Posizionare la piastra sul ghiaccio e rimuovere il mezzo. Aggiungere 150 microlitri di ghiaccio freddo 1x PBS E centrifugare di nuovo a 400 g per 5 minuti a 4 gradi Celsius. Posizionare la piastra sul ghiaccio e lavarla di nuovo rimuovendo 1x PBS aggiunto in precedenza e aggiungendo 150 microlitri di PBS ghiacciato per pozzo.
Centrifugare di nuovo alle stesse condizioni. Posizionare la piastra sul ghiaccio e lavare le celle rimuovendo il PBS precedentemente aggiunto e aggiungendo 150 microlitri tampone FACS per pozzo. Centrifugare di nuovo a 400 g per 5 minuti a 4 gradi Celsius.
Posizionare la piastra sul ghiaccio e rimuovere il tampone FACS precedentemente aggiunto e sospendere di nuovo le celle in 200 microlitri tampone FACS per pozzo. Procedere immediatamente all'analisi da parte della FACS per acquisire 20.000 eventi nel cancello della cella viva. Per l'analisi FACS utilizzare l'area di dispersione in avanti o l'area di dispersione FSCA rispetto a quella laterale o il grafico di densità SSCA per gate sulle cellule vive escludendo eventi con livelli di dispersione in avanti inferiori, come detriti e cellule morte.
Quindi all'interno della popolazione di cellule vive utilizzare FSCA rispetto all'altezza di dispersione diretta o FSCH per creare un gate singlet ed escludere doppietti e aggregati di celle. Quindi utilizzare gli eventi nel gate singlet per generare un istogramma a parametro singolo di tintura pH. Utilizzare l'istogramma generato per determinare prima l'intensità media della fluorescenza.

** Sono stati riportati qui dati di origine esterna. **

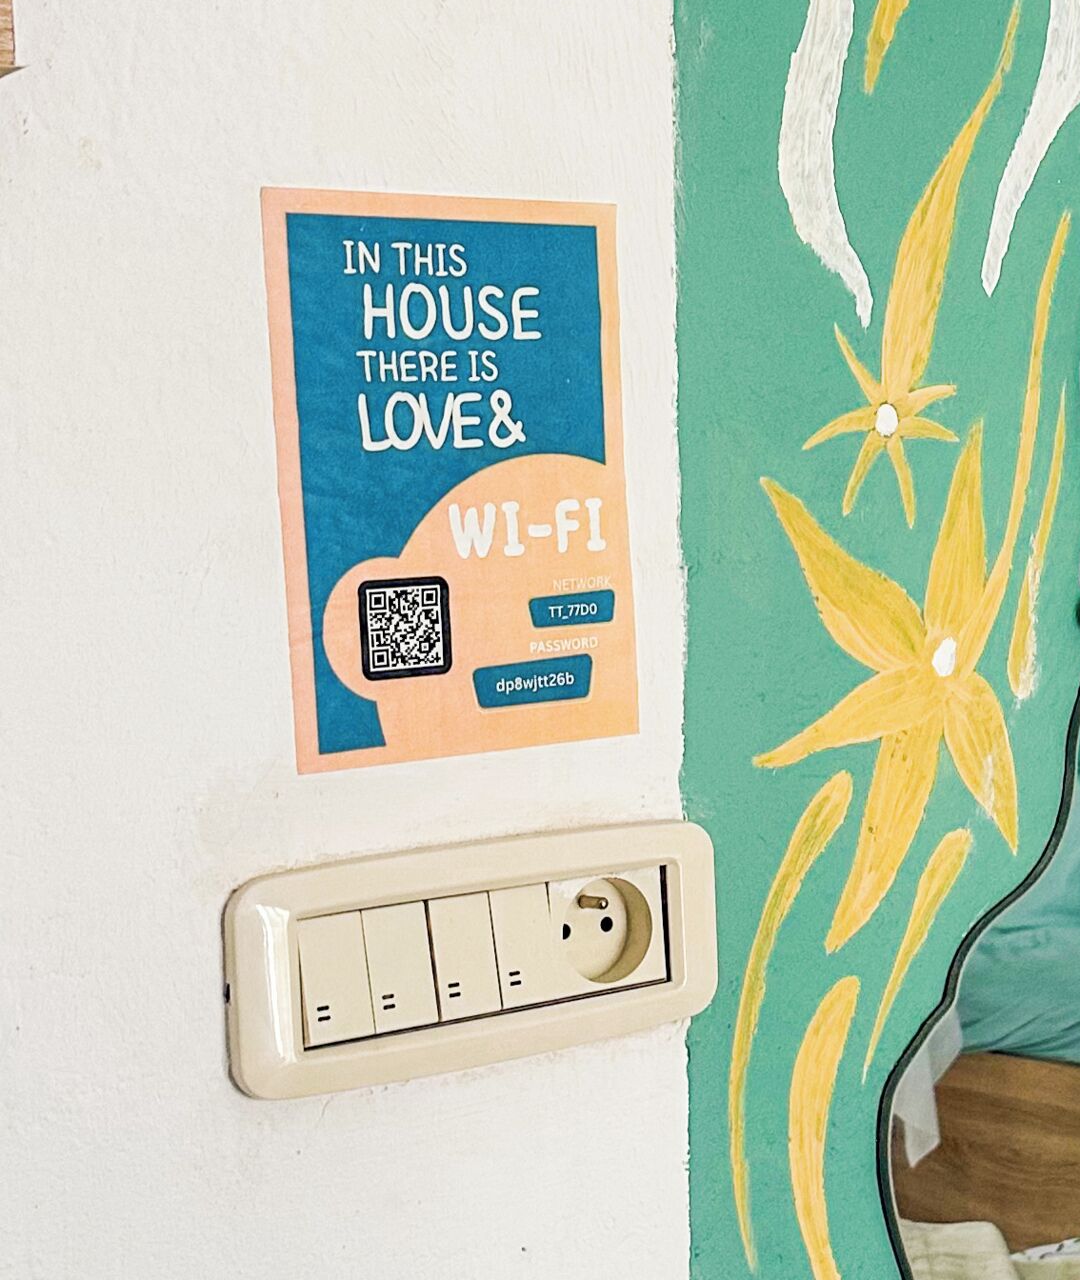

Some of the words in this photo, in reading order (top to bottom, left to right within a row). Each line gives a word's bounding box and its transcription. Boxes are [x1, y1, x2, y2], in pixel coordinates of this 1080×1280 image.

Successivamente determinare la percentuale di cellule positive di pH dye-Tau escludendo le cellule negative come determinato utilizzando l'unico controllo di BV-2. Gli anticorpi CBTau-28.1 promuovono l'assorbimento di Tau nelle cellule BV-2 in modo dipendente dalla dose, come dimostrato dalla citometria del flusso. L'anticorpo ad alta affinità doppio mutante CBTau-28.1 mediava l'assorbimento di Tau nelle cellule BV-2 in misura maggiore rispetto all'anticorpo di tipo selvatico.
I frammenti di CBTau-28.1 Fab non hanno aumentato l'assorbimento basale di Tau indicando un meccanismo di internalizzazione mediato dal recettore FC. La microscopia confocale ha confermato l'aumento mediato degli anticorpi dell'assorbimento di Tau. La tintura di pH verde etichettata Tau si aggrega spesso co-localizzata con organelli acidi macchiati di colorante rosso lisotracker suggerendo così la presenza di aggregati Tau in un compartimento endolisosomiale.
I frammenti di CBTau-28.1 Fab non aumentavano di nuovo l'assorbimento di Tau indicando che l'assorbimento era effettivamente mediato dalla FC. Il saggio che abbiamo appena descritto ci permette di quantificare in modo specifico l'assorbimento di Tau mediato dagli anticorpi da microglia. I dati generati con questo saggio possono aiutare a chiarire il meccanismo d'azione degli anticorpi anti-Tau, rappresentando così uno strumento utile per far avanzare gli anticorpi anti-Tau per compiere ulteriori progressi nel loro sviluppo come potenziale trattamento ad AD.